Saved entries
════

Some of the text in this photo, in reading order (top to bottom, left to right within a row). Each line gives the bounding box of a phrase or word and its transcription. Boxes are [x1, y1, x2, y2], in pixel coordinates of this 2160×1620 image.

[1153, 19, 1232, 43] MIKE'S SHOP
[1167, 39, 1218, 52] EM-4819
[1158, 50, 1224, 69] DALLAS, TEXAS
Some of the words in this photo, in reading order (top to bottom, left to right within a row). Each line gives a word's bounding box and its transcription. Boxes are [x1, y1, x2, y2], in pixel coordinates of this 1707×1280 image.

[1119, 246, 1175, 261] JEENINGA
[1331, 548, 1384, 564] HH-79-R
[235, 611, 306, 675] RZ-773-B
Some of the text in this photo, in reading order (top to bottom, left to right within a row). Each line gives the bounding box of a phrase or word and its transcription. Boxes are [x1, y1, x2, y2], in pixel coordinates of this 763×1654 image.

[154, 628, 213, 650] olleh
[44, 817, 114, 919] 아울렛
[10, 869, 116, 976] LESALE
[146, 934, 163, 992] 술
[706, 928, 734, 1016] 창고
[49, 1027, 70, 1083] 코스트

════

**Work instructions**. Return the entries above exactly as they appear.

**Answer area**.
Some of the text in this photo, in reading order (top to bottom, left to right within a row). Each line gives the bounding box of a phrase or word and its transcription. Boxes are [x1, y1, x2, y2], in pixel coordinates of this 2160×1620 image.

[1153, 19, 1232, 43] MIKE'S SHOP
[1167, 39, 1218, 52] EM-4819
[1158, 50, 1224, 69] DALLAS, TEXAS
Some of the words in this photo, in reading order (top to bottom, left to right within a row). Each line gives a word's bounding box and its transcription. Boxes are [x1, y1, x2, y2], in pixel coordinates of this 1707×1280 image.

[1119, 246, 1175, 261] JEENINGA
[1331, 548, 1384, 564] HH-79-R
[235, 611, 306, 675] RZ-773-B
Some of the text in this photo, in reading order (top to bottom, left to right within a row). Each line gives the bounding box of a phrase or word and its transcription. Boxes are [x1, y1, x2, y2], in pixel coordinates of this 763×1654 image.

[154, 628, 213, 650] olleh
[44, 817, 114, 919] 아울렛
[10, 869, 116, 976] LESALE
[146, 934, 163, 992] 술
[706, 928, 734, 1016] 창고
[49, 1027, 70, 1083] 코스트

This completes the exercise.